Hemosiderin, urinary
Purpose of the test
Urinary hemosiderin is used to identify hemolytic anemia that is associated with hemolysis of red blood cells.
Basics the nurse needs to know
Hemosiderin granules are indicators of hemoglobin in the urine resulting from significant acute or chronic intravascular hemolysis. With the lysis of many erythrocytes, free hemoglobin is converted to ferritin and hemosiderin by the kidneys. The kidneys then remove the hemosiderin and those granules are present in the cells or casts in urinary sediment. The hemosiderin appears in the urine on the second or third day after the hemolytic episode. Urinary hemosiderin may also be caused by the excretion of excess iron, as from hematochromatosis.

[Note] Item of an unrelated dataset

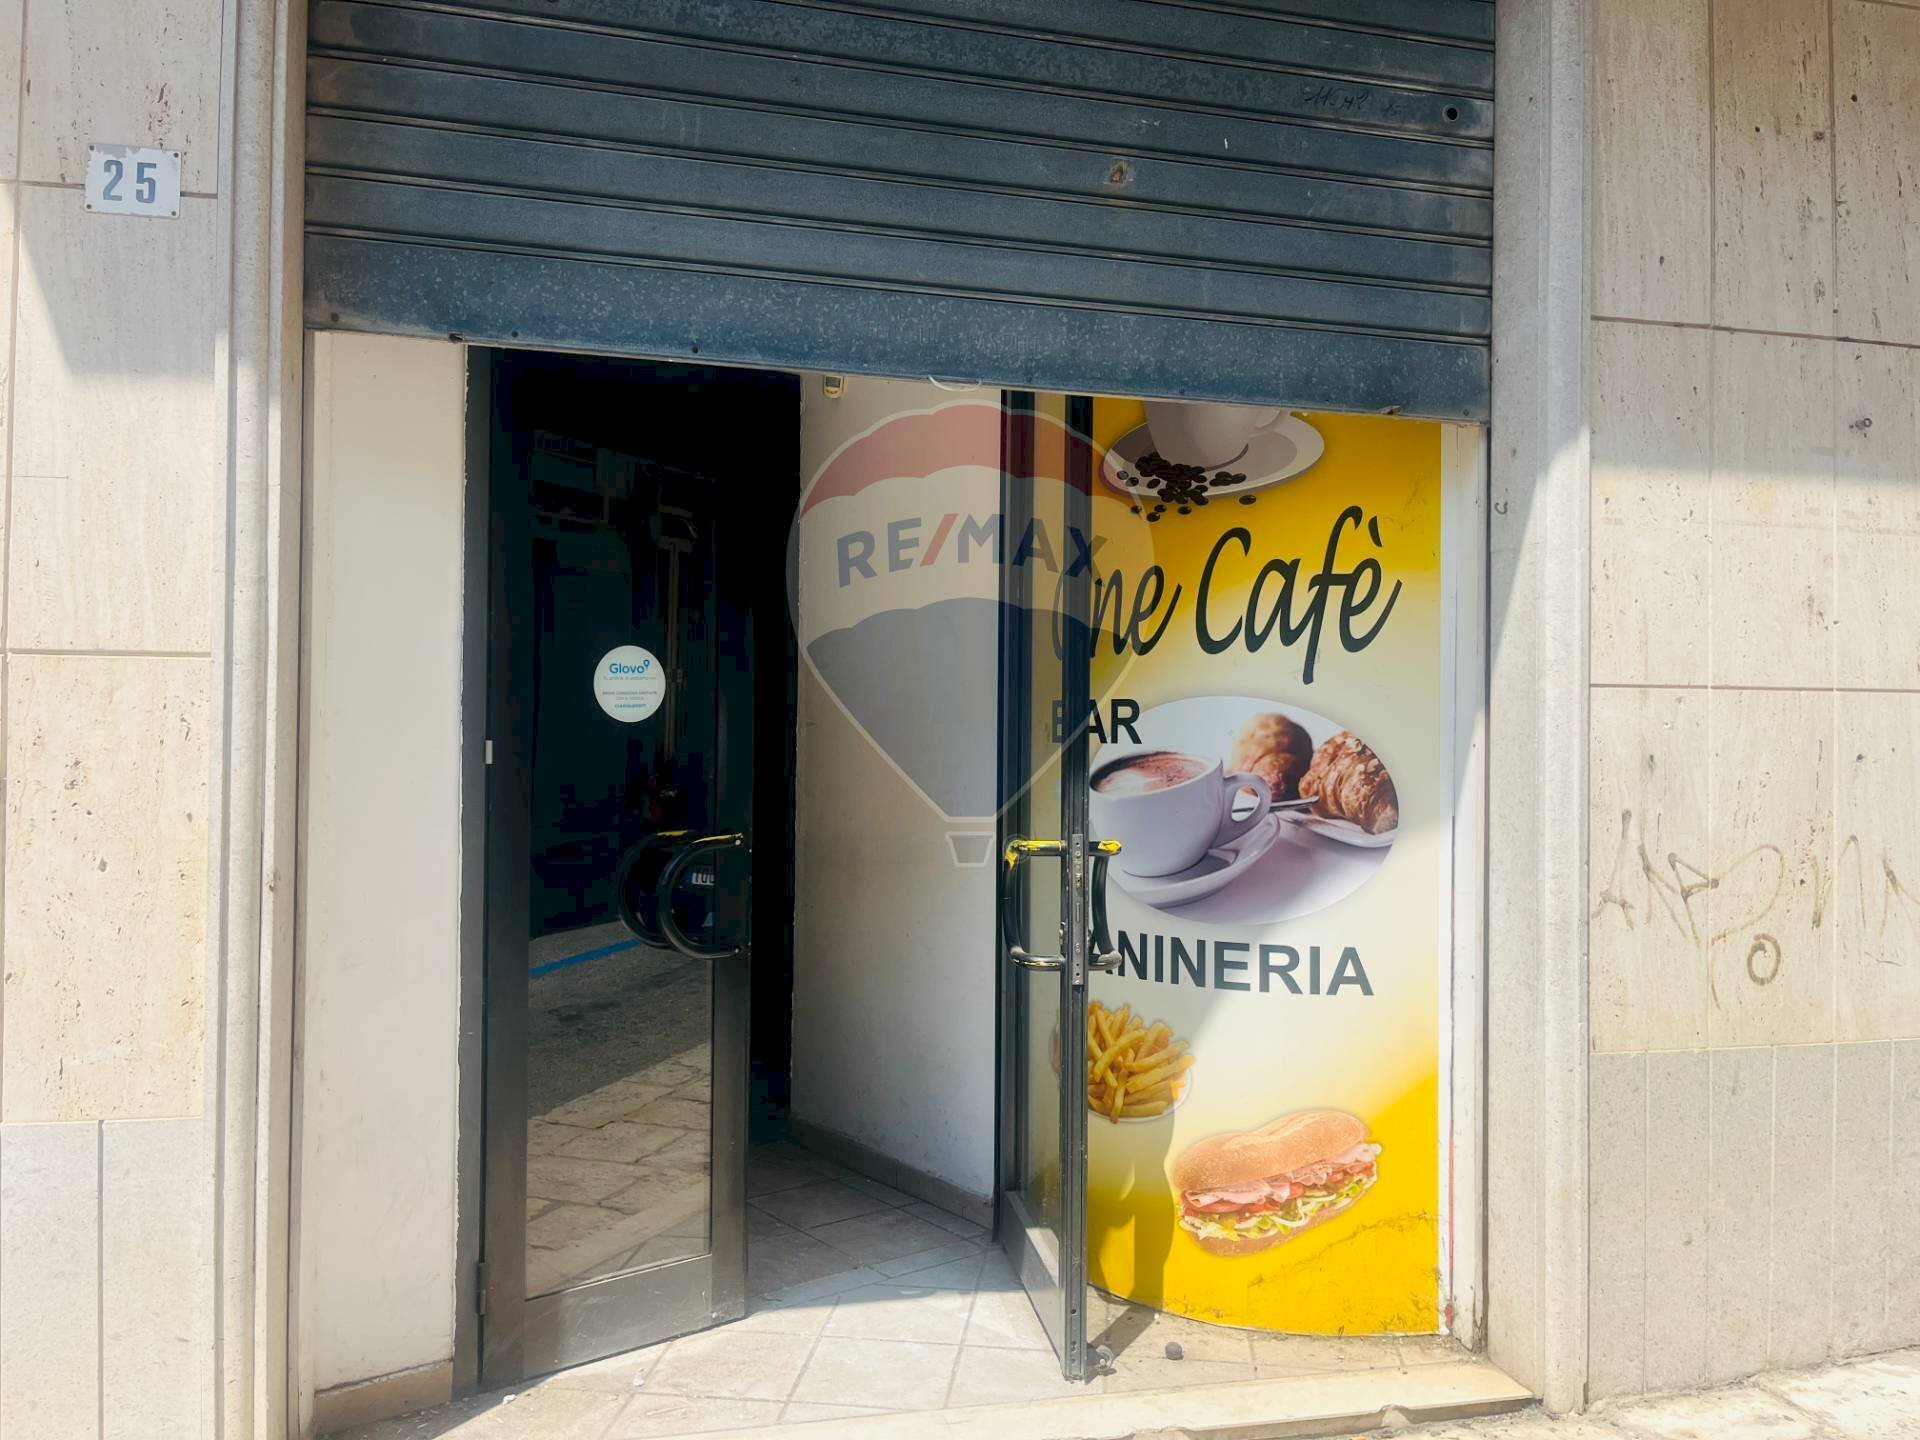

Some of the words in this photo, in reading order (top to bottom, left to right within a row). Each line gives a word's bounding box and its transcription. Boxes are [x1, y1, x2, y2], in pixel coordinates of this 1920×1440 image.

The presence of hemosiderin in urine may not be detected by a urine reagent strip. In the laboratory analysis, however, the urinary sediment is stained with Prussian blue stain. If hemosiderin is present, the iron in urinary hemosiderin appears as blue-stained granules. The results are seen by microscopic examination of the slides that contain urinary cells and casts.
How the test is done
A random sample of 30 to 60 mL of urine is collected in a clean container with a lid.